Fear is much harder.

Ironically, one could argue that The Omen helped popularise the “elaborate gore set-piece” approach that later dominated horror cinema. Carpenter largely rejected that philosophy entirely.

Unfortunately, most imitators discovered it was far easier to stage graphic kills than to create an atmosphere capable of leaving an audience chewing their fingernails in nervous anticipation.

That was what Halloween truly achieved.

Not cheap gore.

Not shock effects.

Pure tension.

There could be endless debates comparing Halloween, Friday the 13th, and the slasher genre as a whole, but can there really be much doubt that Carpenter’s masterpiece stands towering above the rest?

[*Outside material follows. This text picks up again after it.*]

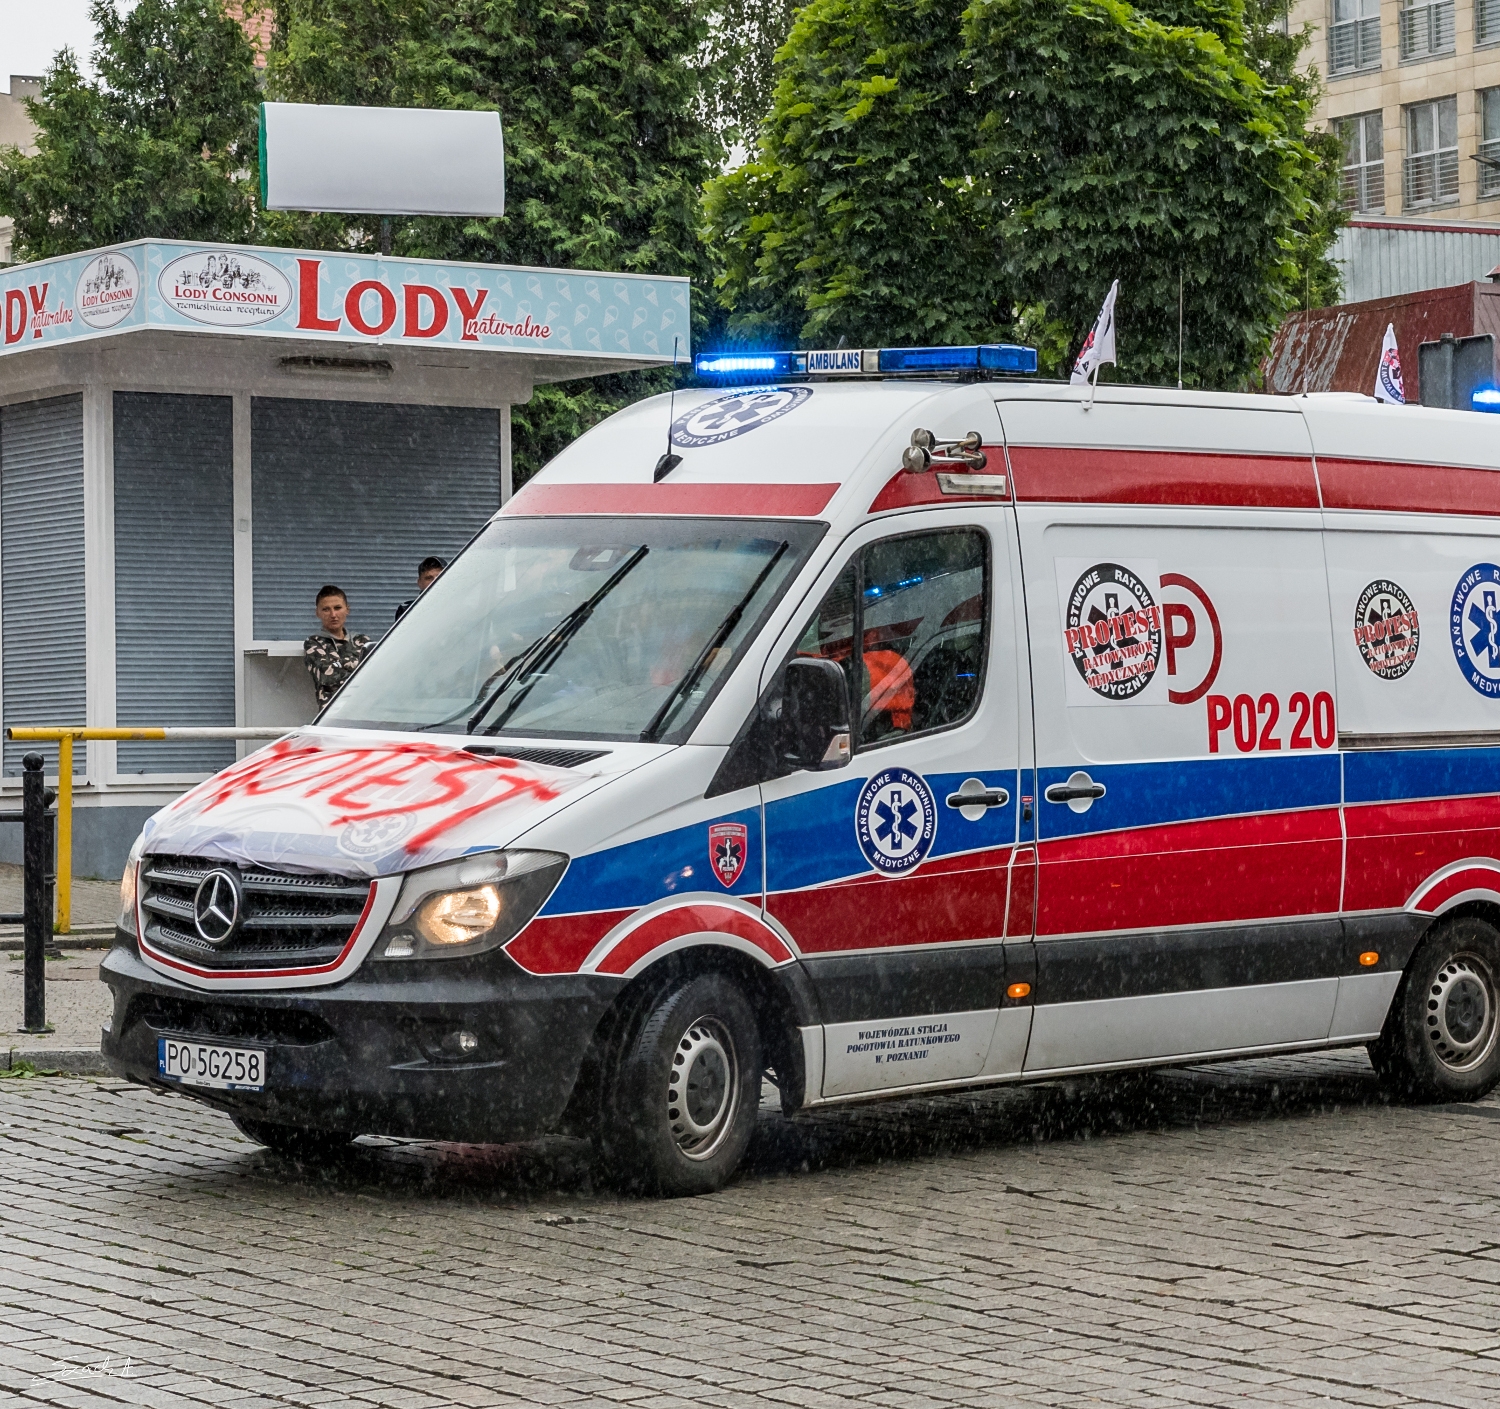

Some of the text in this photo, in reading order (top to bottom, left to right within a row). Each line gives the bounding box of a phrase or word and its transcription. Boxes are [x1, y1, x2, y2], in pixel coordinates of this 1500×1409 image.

Perhaps My Bloody Valentine has aged better than many of its contemporaries, partly because it retained some atmosphere and mood alongside its gore. It also featured arguably the best killer’s mask since Michael Myers’ now-legendary modified William Shatner mask.

Yet even then, the emphasis remained more on gore than on pure stalking terror.

Halloween remains the undisputed king of slasher cinema.

And with the then-new revival featuring Jamie Lee Curtis returning as Laurie Strode, longtime fans understandably felt genuine excitement again for the first time in years. Early trailers suggested an attempt to recapture the creeping dread that once hung over Haddonfield, especially with Carpenter himself once again involved musically and the original mask returning as well.

For die-hard Halloween fans — and there are legions of them — the heart still beats a little faster whenever that familiar piano theme begins.